Joseph Martin Silipo (born December 31, 1957, at Glen Cove, New York) was a Canadian and American football player in three professional football leagues.

An offensive lineman and a graduate of Tulane University, Silipo played two games with the Montreal Alouettes of the Canadian Football League in 1981. He then moved to the USFL, where he played with the Denver Gold in 1983 and the San Antonio Gunslingers in 1984 and 1985. In 1987, he was an NFL strike replacement player with the Buffalo Bills, playing in one game.

His son, Joe Silipo Jr., was a defensive lineman at the University of Northern Colorado and then transferred to the University of Colorado where he served as a long snapper for the Buffaloes.

==College career==
Silipo played football at Tulane University and graduated with a degree in education.

==Professional career==

===Montreal Alouettes/Montreal Concordes===
As a free agent, Silipo would sign with the Montreal Alouettes of the Canadian Football League on July 11, 1981. He was assigned jersey number 67 and played in two games during the Alouettes' 1981 season. The Alouettes franchise folded in May 1982 and the team re-emerged as the Montreal Concordes. Following a dismal 3–13-0 record in 1981, the Concordes immediately started a rebuilding process and several players were released, including Silipo on June 28, 1982.

===Kansas City Chiefs===
After being released by the Concordes, Silipo signed with the Kansas City Chiefs of the National Football League on July 10, 1982, and subsequently attended the Chiefs' training camp located at William Jewell College in Liberty, Missouri. He was later released by the Chiefs on August 30, 1982. During his time with the Chiefs Silipo wore jersey number 75.

===Denver Gold===
Silipo signed with the Denver Gold of the United States Football League (USFL) on December 7, 1982. Silipo would wear jersey number 66 for the Gold and went on to play in 17 games during their 1983 inaugural season.
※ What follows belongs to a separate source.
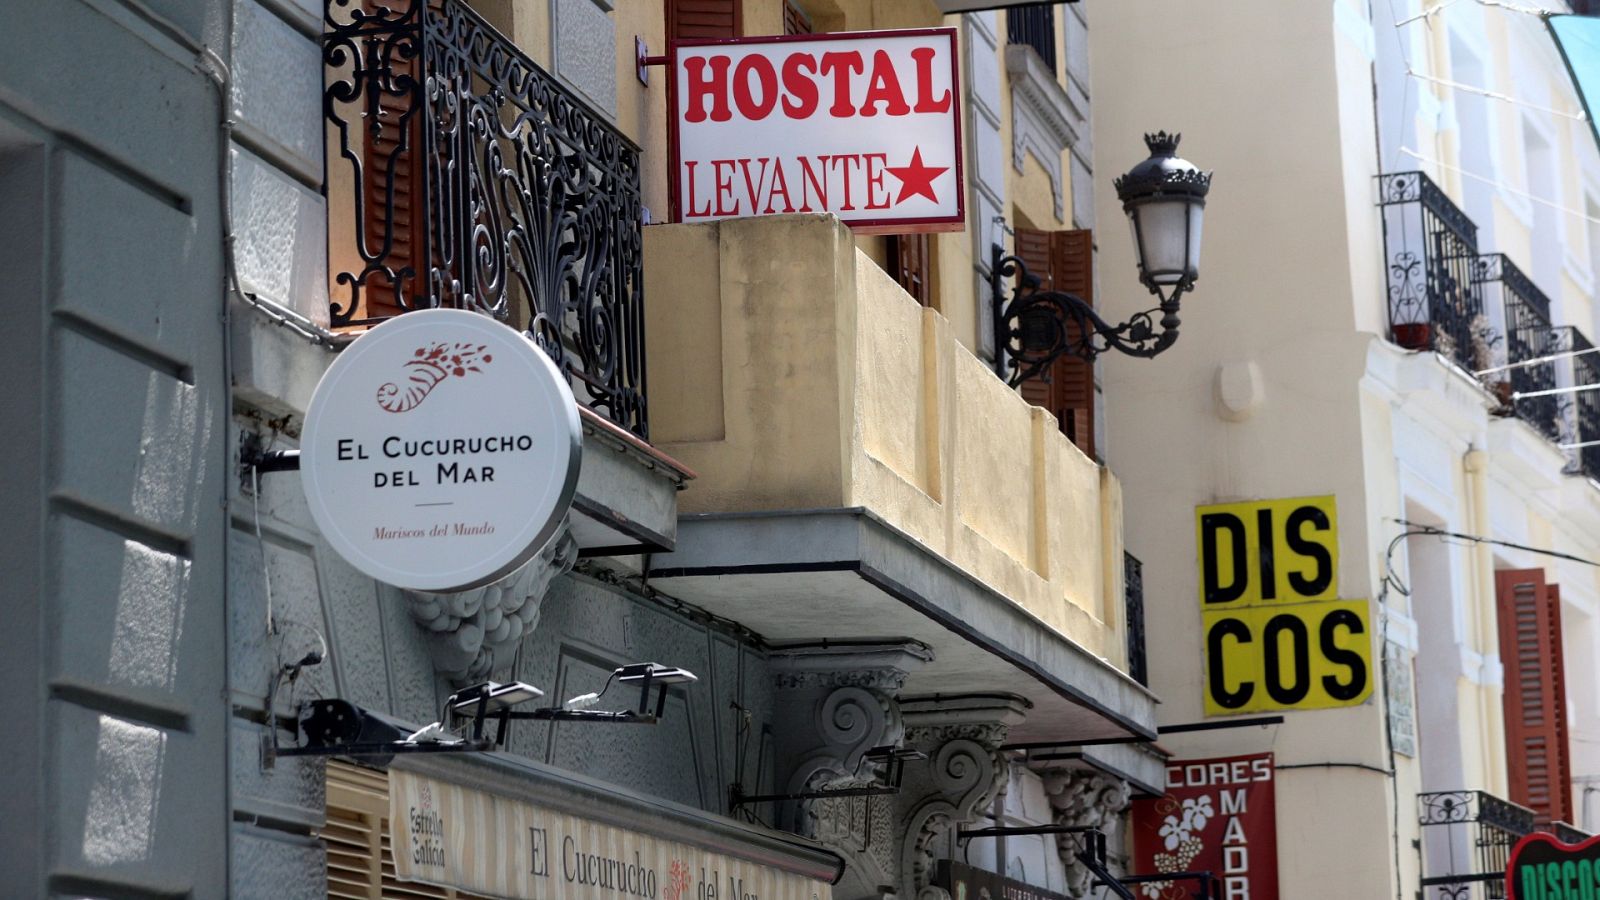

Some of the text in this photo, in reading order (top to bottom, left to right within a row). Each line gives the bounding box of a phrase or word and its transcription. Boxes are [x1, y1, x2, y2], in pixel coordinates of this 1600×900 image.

===San Antonio Gunslingers===
He was selected by the San Antonio Gunslingers in the 3rd round (16th player selected) of the USFL expansion draft in September 1983. Silipo played in nine games during the 1984 season and returned to play in 1985 as well. Notable is the fact that Silipo and his teammates continued play during the 1985 season despite not being paid on a regular basis. As a result of the financial problems that owner Clinton Manges faced, the Gunslingers released all of their players, on July 22, 1985, just minutes before the deadline to pay the players for two overdue paychecks.

===Buffalo Bills===
Silipo signed with the Buffalo Bills as a replacement player during the 1987 players' strike. He played in his first and only regular season NFL game against the Indianapolis Colts on October 4 in front of 9,860 spectators at the 80,290-seat Rich Stadium. Two weeks later on October 20, 1987, he was placed on the injured reserve list, effectively ending his professional career.

==Post-football career==

===Endeavor Academy===
He later worked as a physical education/health teacher at Endeavor Academy located in Centennial, Colorado.